Li Jie was among the group of three girls, consisting of Li Jie, Wang Yameng, and Chen Shanshan, named "God's Favored Girls - Super Trio". Their consummate skills and enthusiastic attention to detail were warmly welcomed at the Beijing Music Hall and other concert venues all over China.

She has also performed in a quartet formation (Four Angels) with Wang Yameng, Su Meng, and Chen Shanshan.

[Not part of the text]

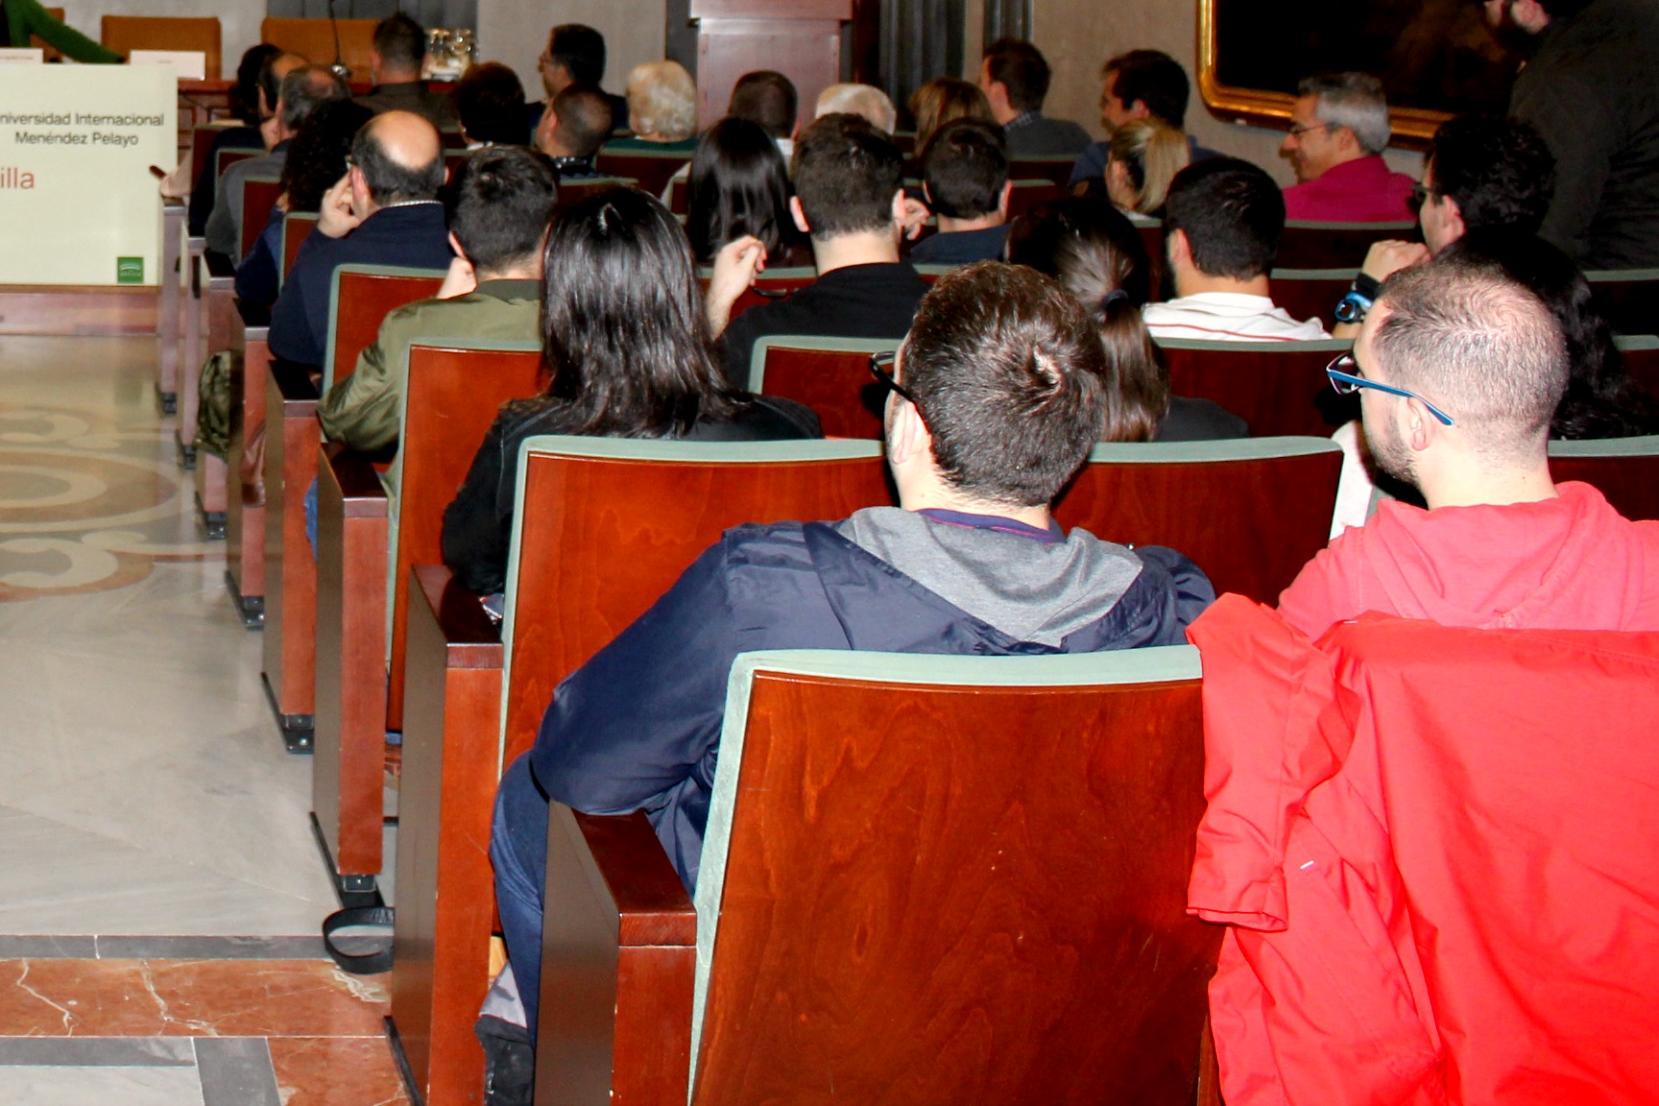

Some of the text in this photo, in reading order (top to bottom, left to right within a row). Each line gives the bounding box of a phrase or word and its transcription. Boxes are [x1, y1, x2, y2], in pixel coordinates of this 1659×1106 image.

Videos of Li Jie performing highly difficult classical and contemporary pieces from the VCD Classical Guitar Masterpieces can be found on Youtube.com.

==Discography==
- Classical Guitar by Lie Jie 2002 (Shine Horn, 先恒) (altern.)
- Guitar Concert in Korea by Four Angels Quartet, 2006 (Alma Guitar)

==Video==
- Classical Guitar Masterpieces Playing, 古典吉他名曲指导 (DVD), Performance: Li Jie - Master Teacher: Chen Zhi (Shine Horn, 先恒)
(Classical Guitar Masterpieces Playing (VCD), cover back)
- Guitar Concert in Korea by Four Angels Quartet, 2006, DVD (Alma Guitar)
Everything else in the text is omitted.